W dobrej kondycji optymalnie dokarmione rośliny, na plantacji odchwaszczonej, przewiewnej są dużo bardziej odporne od tych rosnących w gorszych warunkach uprawowych. Poza tym warto wspomóc buraki, dodatkowo ułatwiając im przebieg wielu procesów życiowych. Mianowicie wprowadzenie siarki (S) i miedzi (Cu) w postaci nawozu Alaska S+Cu z dodaną wartością fungistatyczną zwiększy efektywność w burakach procesów fizjologicznych.
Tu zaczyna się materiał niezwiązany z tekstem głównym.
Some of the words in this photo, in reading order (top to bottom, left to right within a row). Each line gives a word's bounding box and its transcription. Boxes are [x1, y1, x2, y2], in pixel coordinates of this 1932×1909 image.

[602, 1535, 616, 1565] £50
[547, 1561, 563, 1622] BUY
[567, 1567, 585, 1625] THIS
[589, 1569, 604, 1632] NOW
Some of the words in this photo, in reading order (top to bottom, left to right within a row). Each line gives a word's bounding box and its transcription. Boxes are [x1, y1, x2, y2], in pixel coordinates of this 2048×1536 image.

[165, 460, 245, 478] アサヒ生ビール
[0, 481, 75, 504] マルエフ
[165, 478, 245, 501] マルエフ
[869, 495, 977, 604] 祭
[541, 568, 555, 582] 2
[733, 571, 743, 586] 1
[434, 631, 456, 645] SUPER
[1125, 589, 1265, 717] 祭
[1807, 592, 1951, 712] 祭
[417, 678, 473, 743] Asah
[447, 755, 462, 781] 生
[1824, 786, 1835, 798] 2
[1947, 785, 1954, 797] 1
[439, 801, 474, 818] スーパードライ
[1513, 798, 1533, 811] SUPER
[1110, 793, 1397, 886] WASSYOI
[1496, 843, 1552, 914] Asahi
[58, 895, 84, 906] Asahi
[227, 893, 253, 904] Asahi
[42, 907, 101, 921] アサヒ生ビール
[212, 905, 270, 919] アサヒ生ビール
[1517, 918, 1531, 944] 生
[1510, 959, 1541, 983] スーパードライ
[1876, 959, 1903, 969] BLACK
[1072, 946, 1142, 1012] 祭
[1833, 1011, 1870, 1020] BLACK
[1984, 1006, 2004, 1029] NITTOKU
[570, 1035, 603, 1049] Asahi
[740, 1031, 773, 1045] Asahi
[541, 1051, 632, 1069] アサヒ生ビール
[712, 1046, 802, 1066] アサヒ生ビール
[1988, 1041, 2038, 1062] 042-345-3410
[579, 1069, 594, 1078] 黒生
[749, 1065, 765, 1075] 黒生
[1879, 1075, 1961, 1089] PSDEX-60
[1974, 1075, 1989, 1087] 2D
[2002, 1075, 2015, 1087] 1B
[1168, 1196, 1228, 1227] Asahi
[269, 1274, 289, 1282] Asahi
  • Po pierwsze dostarczy roślinie optymalnych ilości tych pierwiastków podnoszących naturalną odporność rośliny.
  • Po drugie siarka wspomaga pobieranie azotu z gleby. Ponadto wspomaga prawidłową jego gospodarkę w roślinie.
  • Jako trzecie, zarówno S, jak i Cu pełnią ważne funkcje w procesach fotosyntezy, metabolicznych i biochemicznych gwarantujących prawidłowy wzrost zarówno części podziemnych, jak i nadziemnych buraka.
  • I po czwarte oba pierwiastki — S i Cu są znane ze swego destrukcyjnego działania wobec patogenów (grzybowych, a miedź — także bakteryjnych, dlatego zapobiegnie dodatkowo bakteriozom buraka rozwijającym się przy ciepłej i wilgotnej pogodzie po np. nawalnych deszczach).

Nawóz ten można aplikować w uprawie od fazy T1 (BBCH 22) do fazy T3 (BBCH 47).

Ochrona buraka przed chwościkiem

Ponadto przygotowując oprysk na chwościka buraka preparatu Alaska S + CU można dodać do klasycznych fungicydów wykorzystywanych w ochronie buraka przed tą chorobą. Na przykład triazolowych (m.in. Difcor 250, Galileo), strobilurynowych (np. Amistar Gold Max), czy morfolin (np. Umbret 750 EC). Dodanie Alaski S + CU poprawi skuteczność i wzbogaci roztwór o dodatkowy odmienny mechanizm działania fungistatycznego (niż standardowe fungicydy).